Sunday, September 24, 2023

Summer is Over

Summer is over.  The sun can still be strong, but the days are shorter, the nights are cooler, and the equinox has passed.  The good part of the year is coming.

Saturday, September 23, 2023

VSO Days

VSO has been so successful at the Escalante Canyons Art Festival over the years that I have joked it should be named for her.  Well.  I'm not really joking anymore.  She went over there on Wednesday and won a pair of ribbons in under 48 hours.  First, there was the red ribbon for a studio piece (above).  The next day, she went out and painted the blue-ribbon winner (below).  I don't know what is left but to call it "VSO Days."

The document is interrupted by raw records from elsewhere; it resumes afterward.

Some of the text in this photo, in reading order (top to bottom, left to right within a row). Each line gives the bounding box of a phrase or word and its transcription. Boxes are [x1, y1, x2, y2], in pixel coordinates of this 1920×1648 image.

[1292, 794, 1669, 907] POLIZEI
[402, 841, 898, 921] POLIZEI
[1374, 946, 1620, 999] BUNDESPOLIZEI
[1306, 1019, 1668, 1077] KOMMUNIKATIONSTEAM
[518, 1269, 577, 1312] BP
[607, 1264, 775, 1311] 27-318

Sunday, September 17, 2023

CMT

I noticed this tree when I was out with VSO a couple of weeks ago.  I think it is a culturally modified tree or CMT.  The literature I've read suggests that these wounds were made by Native Americans during the eighteenth and nineteenth centuries as they sought the inner bark and sap of the ponderosa pine for use as adhesive, medicine, and even food during periods of starvation.  There is a collection of these trees on the National Forest:  The ones I've seen are in Joe's Valley and the locals call them "peelers," but I was surprised to find this one in one of the coal canyons between Kenilworth and Sunnyside.  (I don't know why?  I guess they could be anywhere.)  At any rate, I had noticed, when I was there the first time, that there were five or eight other old growth ponderosas in a quarter-mile radius, and I began to wonder if those were also CMTs?  They are not.  At least not that I can tell.  I walked out there again yesterdayit is about 1.5 miles up the canyonand looked at each of the big yellow-bellied trees, but this was the only peeler.

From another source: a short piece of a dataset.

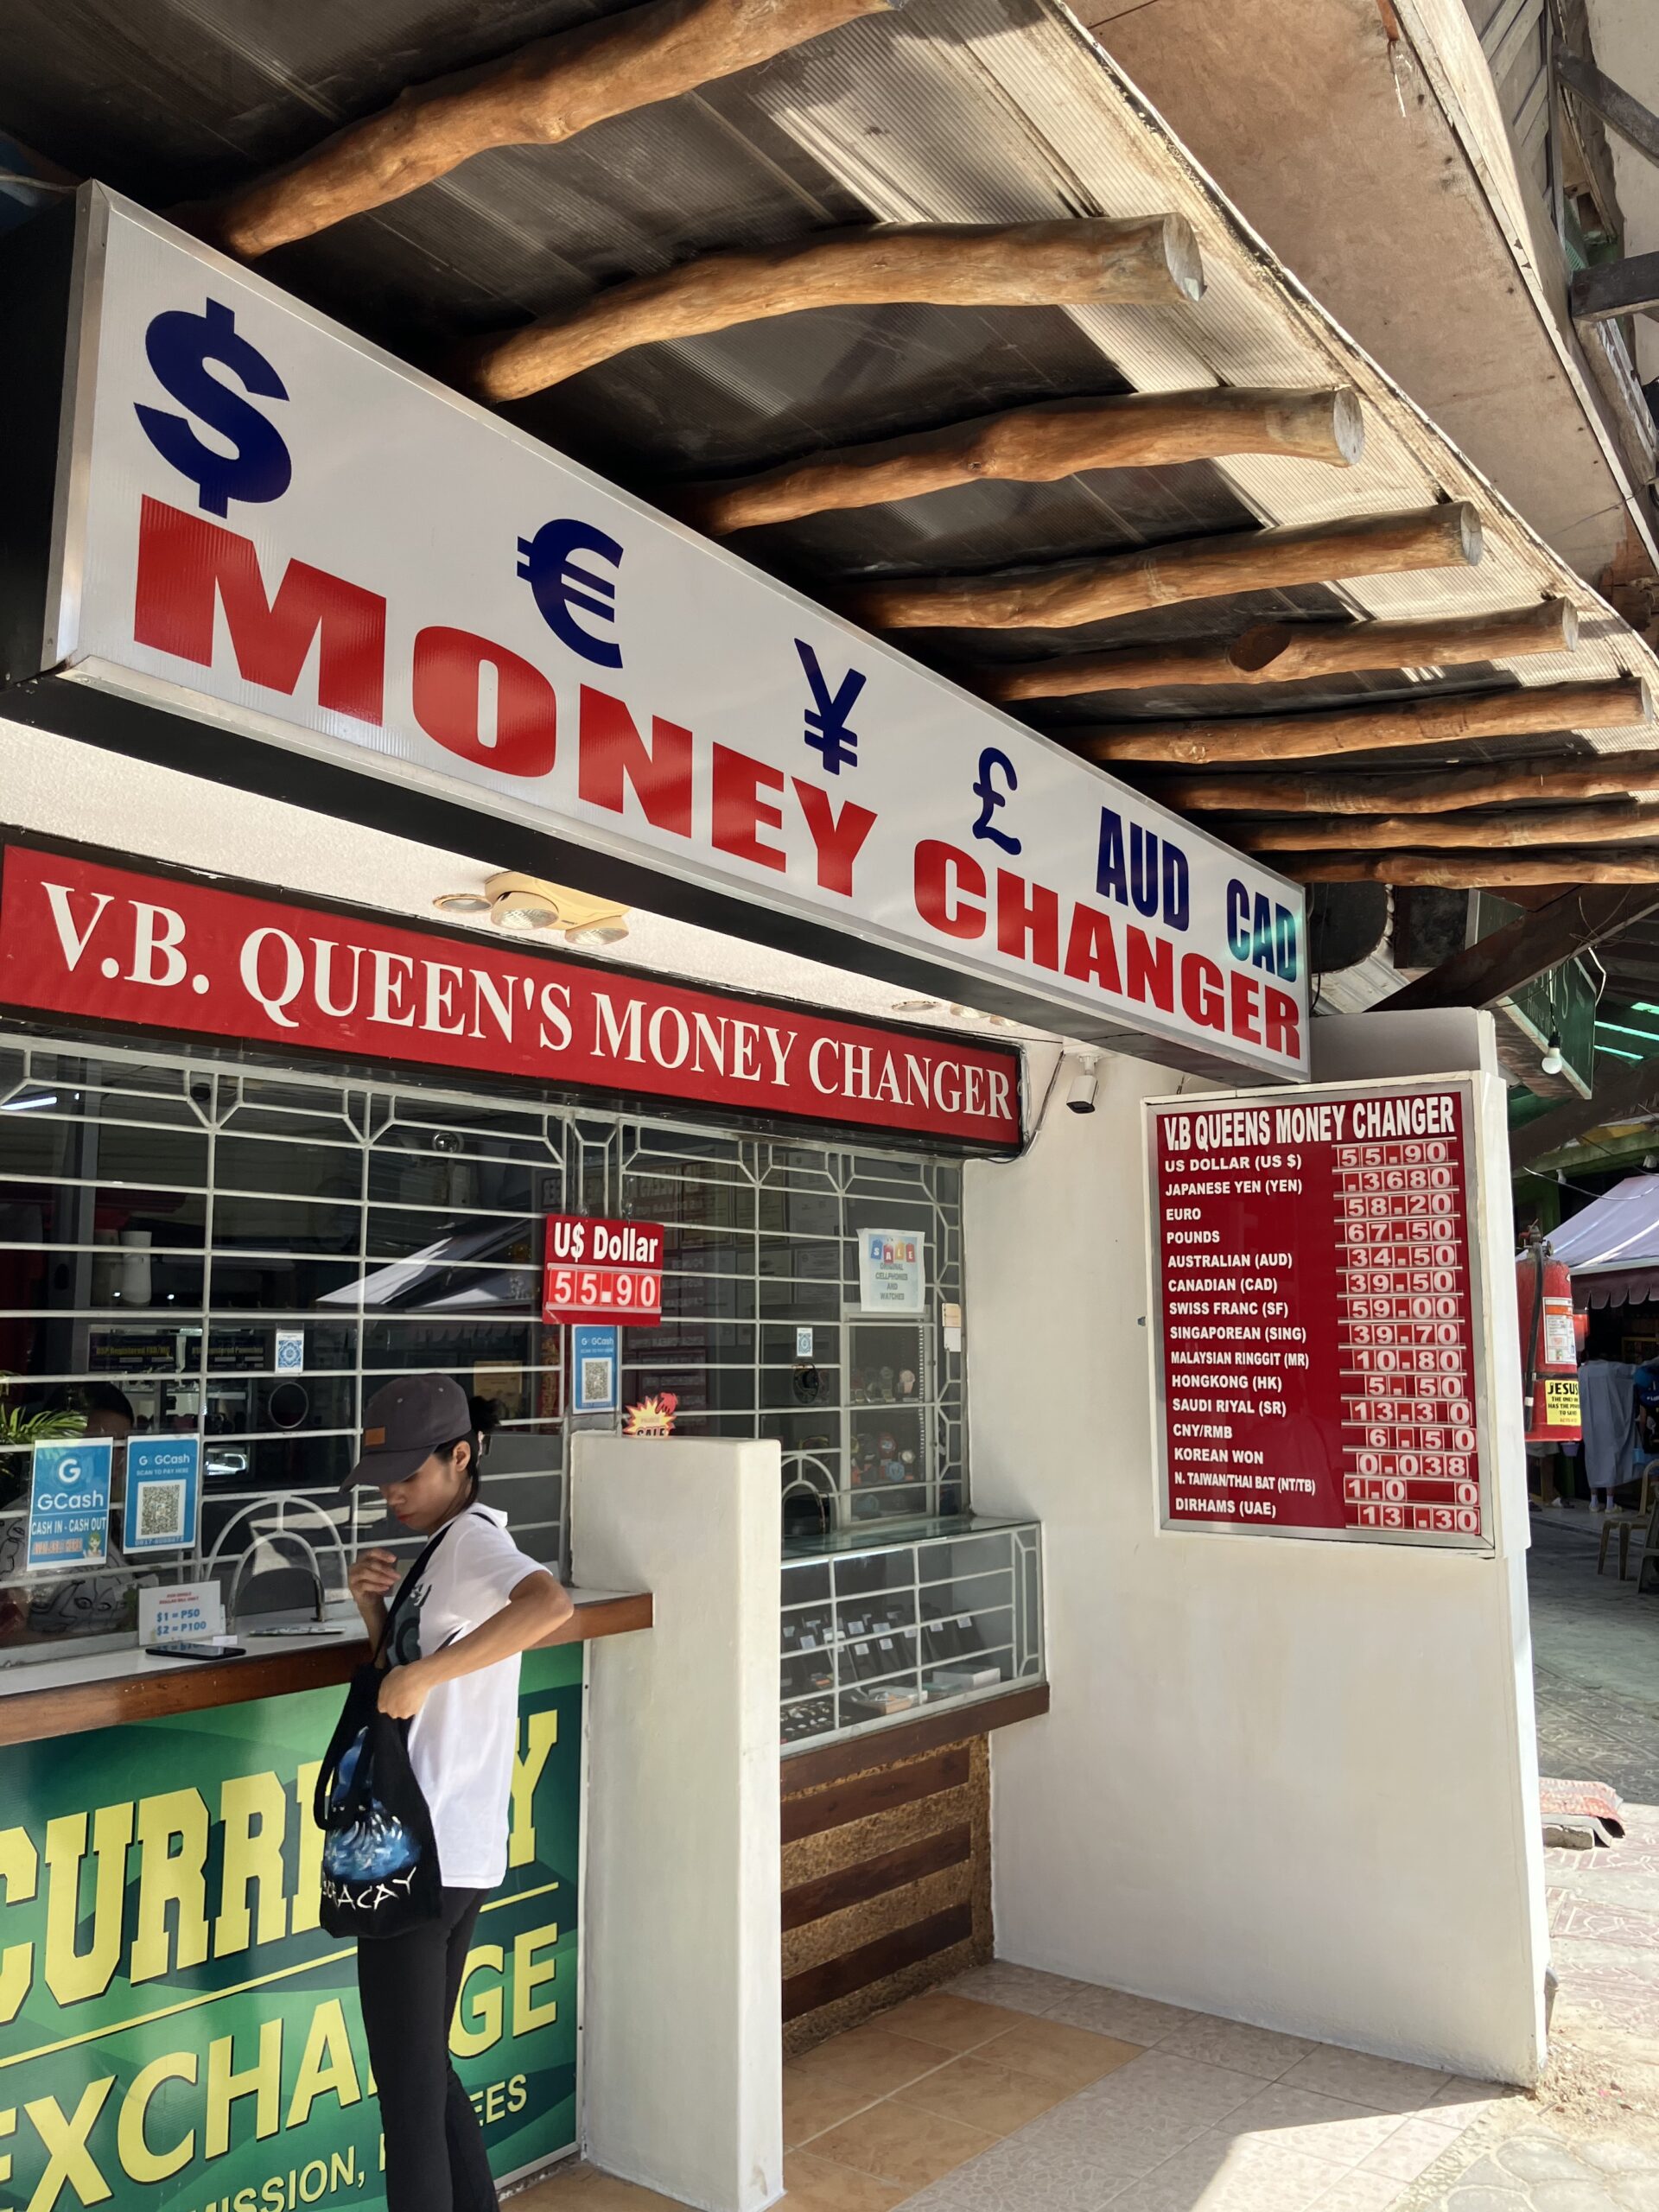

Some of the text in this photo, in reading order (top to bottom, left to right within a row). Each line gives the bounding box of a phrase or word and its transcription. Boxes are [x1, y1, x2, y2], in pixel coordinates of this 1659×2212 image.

Sunday, September 10, 2023

Sun Block

In some parts of the country, people like to say, "If you don't like the weather, just wait a few minutes and it will change."  I'm not sure that can be said about south central Utah:  Mostly it is sunny all the time.  But, yesterday, I started up Alrad in the sunshine and, by the time I turned around, the wind was blowing 60 MPH and the sky was turning black.  It was strange, though, even with all that violence there was no rain; it was windy, dark, and dry.

Monday, September 4, 2023

Snake on the Freeway

Snake Rock Village is an ancient Fremont habitation site beside Ivie Creek.  It is known as a (former) production center for a certain style of gray pottery.  Because VSO is herself becoming in expert in the manufacture of primitive pottery made from locally harvested clay, she wanted to see it for herself.  So, I took her there.

When the site was documented, in the 1960s, there was a local two-lane road nearby.  But, since then, I-70 has been constructed (it was completed in 1990) nearly on top of the site.  It looks to me like the freeway has so altered the flow of water over and through the area, that most of what was obvious about the site 60 years ago has been altered.  We found the eponymous rock, visible (if you know where to look) to speeding motorists, a few sherds, and a broken stone knife.  Not much else.

Saturday, September 2, 2023

GC2 Turns 300

Thousand miles, that is.  On my way back from Wood Hill yesterday, I saw the odometer turn just as I hit the oil on the outskirts of Price.  I stopped on the edge of the neighborhood, under the power line, for a few pictures.  GC2 is our new truck (manufactured in 2006), but it has more miles than thirty-year-old GC1 (~260,000) because we use it for all of our commuting:  When I lived in California, I drove it back and forth across Nevada more than 60 times.  It probably won't run forever, but it is so expensive to replace a 4x4 pick-up that I wouldn't mind getting another 120,000 or so!